Jewellery helps to protect the wearer and keeps evil at a distance. In earlier blog posts we have looked at the colour red and how renderings of animals and the skies work their magic for the wearer. Let’s have a look at some of the other ways in which jewellery functions as amulet or talisman!
Sounds and smells
For starters, many jewellery items produce sound. Bells and dangles tinkle, rows of coins jingle, sets of bracelets clank, hollow anklets rattle with small stones inside. These sudden sounds startle evil and chase it away.
Pleasant fragrances are associated with good, benign powers, while everything odorous and smelly is associated with malevolent entities. Jewellery that holds fragrance or even alludes to it, is considered a powerful advantage to have on your side. For example, glass bottle stoppers set in silver are worn in Oman for several reasons. Glass bottles held perfumed oils or scented water, and its stoppers are closely associated with these fragrances. Translucent, colourless glass also doubles as an imitation of crystal, itself a material that was highly prized because of its beneficial capacities.
Words and numbers
Ever since the origin of writing, written spells have made very powerful amulets, and in societies where not everyone was literate, the art of writing was often regarded as having mysterious powers. These written amulets could be verses from the Quran or specifically calculated formulas. They would be rolled tight and inserted into a tube to be hung around the neck, and with this practice, we find one of the most familiar shapes in jewellery explained: the amulet container.

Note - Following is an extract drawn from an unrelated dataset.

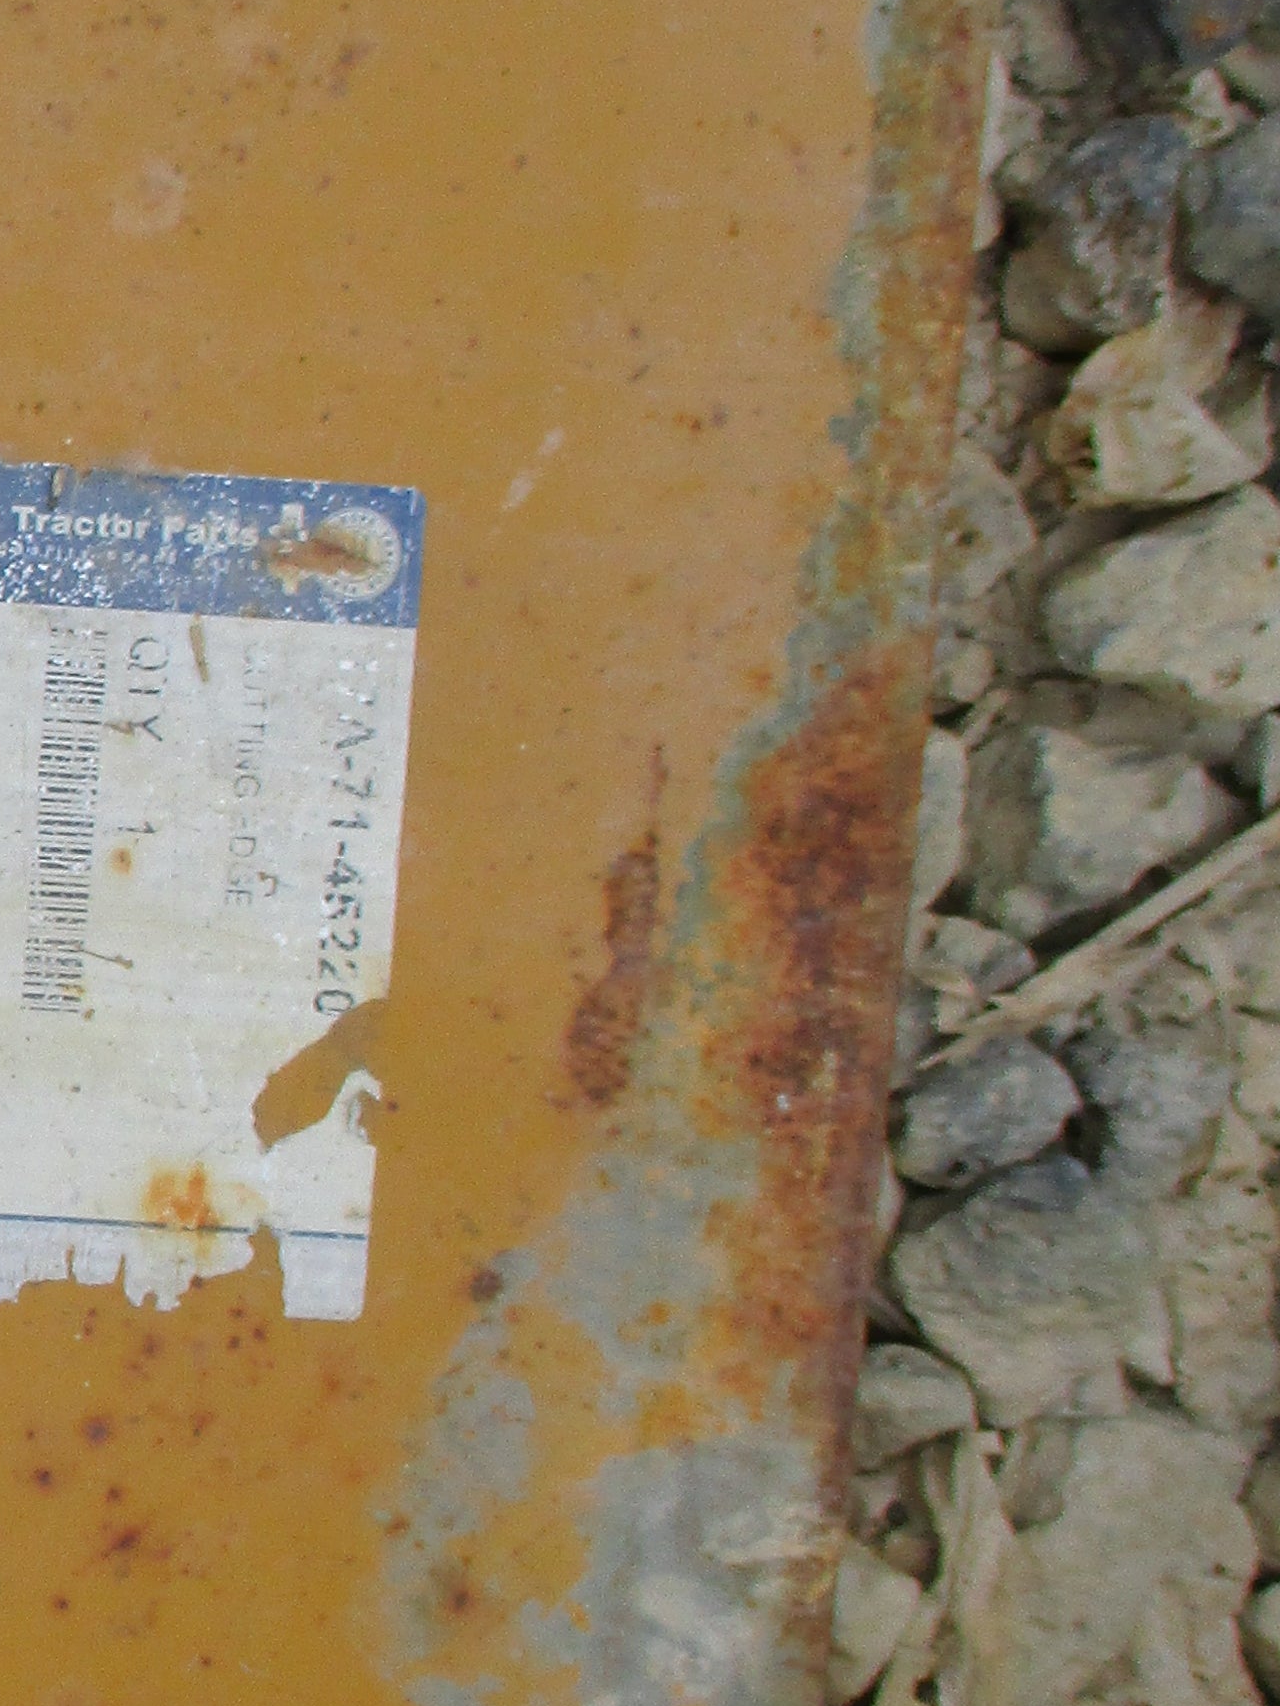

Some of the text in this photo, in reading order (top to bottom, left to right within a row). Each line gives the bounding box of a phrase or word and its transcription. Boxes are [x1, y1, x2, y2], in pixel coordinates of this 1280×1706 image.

It is called by a variety of names, like hirz or higab, and is shaped like a tube, box or triangle. Some of these can be opened, especially older ones, but in most cases, it can’t. That does not mean it is any less powerful: the shape itself invokes the amulet that would have been stored inside. With these pendants, we could say that the function has been transferred to the form. Besides texts, numbers also carry specific meaning. This is most visible in the magic square: a design in which all rows, columns and diagonals add up to the same number. The most widely used square is the arrangement of the numbers 1 through 9 with 5 in the middle, that reads 15 in all directions. One example of this square is visible in the silver amulet featured here.
Materials
Materials as well carry meaning beyond simply being attractive. Not just the colours are chosen for a reason, the particular capacities of individual materials are of importance as well. Amber, for example, is said to carry the warmth of the sun and is worn around the neck to prevent throat diseases, but its slight electrostatic charge when rubbed makes it an excellent material to attract the love of a husband. Agate is considered beneficial for a series of illnesses, dependant on its colour. Grey agate is used for complications in the neck area, white agate guarantees milk production in young mothers, and yellow agate is effective in the treatment of stomach pains.
These are just a few examples: with these I hope to have introduced you to how jewellery is closely interwoven with magic, creating a sphere of protection and blessing through all the senses expanding itself all around the wearer.
This post is based on my book Desert Silver.